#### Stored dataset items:
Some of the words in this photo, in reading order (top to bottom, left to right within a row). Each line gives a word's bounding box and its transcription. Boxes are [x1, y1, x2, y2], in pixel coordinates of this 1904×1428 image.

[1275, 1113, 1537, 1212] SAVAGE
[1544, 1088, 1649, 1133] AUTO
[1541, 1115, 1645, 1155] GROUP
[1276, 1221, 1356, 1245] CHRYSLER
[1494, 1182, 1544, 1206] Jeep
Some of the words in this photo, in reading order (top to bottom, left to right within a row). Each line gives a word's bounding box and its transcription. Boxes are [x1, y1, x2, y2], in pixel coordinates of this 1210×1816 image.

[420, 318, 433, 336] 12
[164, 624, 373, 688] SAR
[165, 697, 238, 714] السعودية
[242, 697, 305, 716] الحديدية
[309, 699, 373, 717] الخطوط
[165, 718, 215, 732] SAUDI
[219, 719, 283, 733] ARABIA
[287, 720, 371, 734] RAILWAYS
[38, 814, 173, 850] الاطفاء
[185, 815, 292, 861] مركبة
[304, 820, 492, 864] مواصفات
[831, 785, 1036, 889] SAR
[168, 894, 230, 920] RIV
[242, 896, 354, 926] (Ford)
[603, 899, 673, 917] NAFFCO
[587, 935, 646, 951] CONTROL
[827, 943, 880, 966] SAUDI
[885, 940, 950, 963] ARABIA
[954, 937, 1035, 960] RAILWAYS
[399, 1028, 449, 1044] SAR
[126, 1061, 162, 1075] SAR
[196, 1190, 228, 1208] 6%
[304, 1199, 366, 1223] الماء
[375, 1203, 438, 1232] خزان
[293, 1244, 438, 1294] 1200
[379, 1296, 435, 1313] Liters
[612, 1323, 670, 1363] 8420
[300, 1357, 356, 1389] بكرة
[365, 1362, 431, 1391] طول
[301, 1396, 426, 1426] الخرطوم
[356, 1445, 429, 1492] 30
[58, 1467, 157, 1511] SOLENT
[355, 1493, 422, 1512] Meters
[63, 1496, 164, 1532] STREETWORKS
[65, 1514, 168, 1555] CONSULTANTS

#### What is required:
Each entry above needs to be returned exactly as written.

#### Your response:
Some of the words in this photo, in reading order (top to bottom, left to right within a row). Each line gives a word's bounding box and its transcription. Boxes are [x1, y1, x2, y2], in pixel coordinates of this 1904×1428 image.

[1275, 1113, 1537, 1212] SAVAGE
[1544, 1088, 1649, 1133] AUTO
[1541, 1115, 1645, 1155] GROUP
[1276, 1221, 1356, 1245] CHRYSLER
[1494, 1182, 1544, 1206] Jeep
Some of the words in this photo, in reading order (top to bottom, left to right within a row). Each line gives a word's bounding box and its transcription. Boxes are [x1, y1, x2, y2], in pixel coordinates of this 1210×1816 image.

[420, 318, 433, 336] 12
[164, 624, 373, 688] SAR
[165, 697, 238, 714] السعودية
[242, 697, 305, 716] الحديدية
[309, 699, 373, 717] الخطوط
[165, 718, 215, 732] SAUDI
[219, 719, 283, 733] ARABIA
[287, 720, 371, 734] RAILWAYS
[38, 814, 173, 850] الاطفاء
[185, 815, 292, 861] مركبة
[304, 820, 492, 864] مواصفات
[831, 785, 1036, 889] SAR
[168, 894, 230, 920] RIV
[242, 896, 354, 926] (Ford)
[603, 899, 673, 917] NAFFCO
[587, 935, 646, 951] CONTROL
[827, 943, 880, 966] SAUDI
[885, 940, 950, 963] ARABIA
[954, 937, 1035, 960] RAILWAYS
[399, 1028, 449, 1044] SAR
[126, 1061, 162, 1075] SAR
[196, 1190, 228, 1208] 6%
[304, 1199, 366, 1223] الماء
[375, 1203, 438, 1232] خزان
[293, 1244, 438, 1294] 1200
[379, 1296, 435, 1313] Liters
[612, 1323, 670, 1363] 8420
[300, 1357, 356, 1389] بكرة
[365, 1362, 431, 1391] طول
[301, 1396, 426, 1426] الخرطوم
[356, 1445, 429, 1492] 30
[58, 1467, 157, 1511] SOLENT
[355, 1493, 422, 1512] Meters
[63, 1496, 164, 1532] STREETWORKS
[65, 1514, 168, 1555] CONSULTANTS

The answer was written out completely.